NIAGARA-ON-THE-LAKE, Ont. — One of the happiest aspects of a Shaw Festival summer is an encounter with its latest archaeological discovery.

The people who run this internationally celebrated theatre are serious about its central mandate — to explore the world of Bernard Shaw and his contemporaries. And that, happily, has led to the rediscovery of neglected dramatists from the past.

When the festival launched a cycle of remarkable plays by Harley Granville Barker, it enjoyed some of the biggest triumphs of its 50-year history. But in the case of the forgotten St. John Hankin, it was rescuing a superb dramatist from an even deeper obscurity.

It was Christopher Newton, in his final years as festival artistic director, who rediscovered Hankin and gave audiences a production of The Return Of The Prodigal that proved so popular in 2001 that it was back on the festival playbill a year later. Jackie Maxwell, Newton’s successor as festival boss, then invited him to direct another Hankin gem, The Cassilis Engagement, in 2007. And now Newton is back again, working with designer William Schmuck, his gifted colleague on the previous plays, and with a terrific ensemble cast to give us The Charity That Began At Home, a 1906 piece that bears the ironic subtitle — “a comedy for philanthropists.”

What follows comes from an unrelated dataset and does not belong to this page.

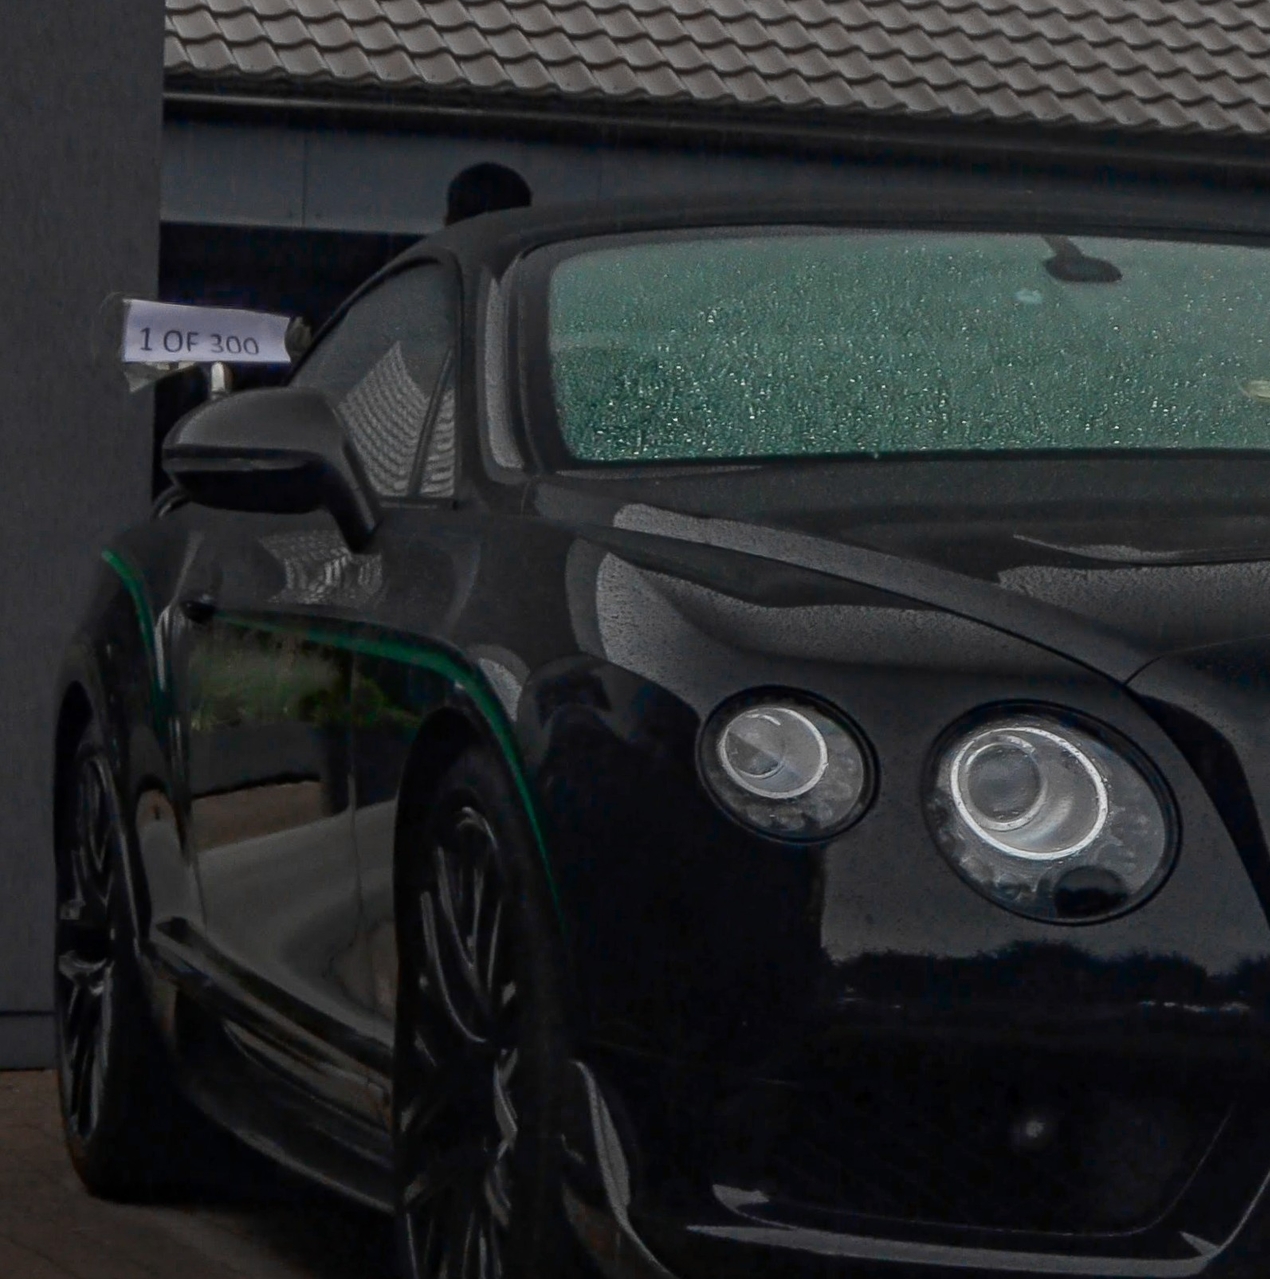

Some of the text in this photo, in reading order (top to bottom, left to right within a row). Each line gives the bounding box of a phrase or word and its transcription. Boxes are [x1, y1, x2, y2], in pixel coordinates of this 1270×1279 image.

[139, 327, 259, 355] 1 OF 300

Newton suggests that Hankin’s uniqueness rests in the fact that he was as “perceptive as Noel Coward, as comic as Anton Chekhov.” (And, indeed, how exciting Edwardian theatre must have been — what with people like Bernard Shaw, Granville Barker, John Galsworthy and St. John Hankin leading the revolution at the legendary Royal Court Theatre.) Newton’s parallel with Noel Coward seems especially interesting, given that some two decades after Hankin’s brief time in the sun, Coward wrote Hay Fever, a comedy about what happens when some hapless weekend guests end up being treated abominably by their hosts. But earlier, in an era when Coward was still a schoolboy, Hankin examined a similar situation but from an audaciously different perspective — presenting us with a household of do-gooders who, acting with misplaced Christian charity, host a country-house party featuring guests who nobody else in their right mind would allow under their roof.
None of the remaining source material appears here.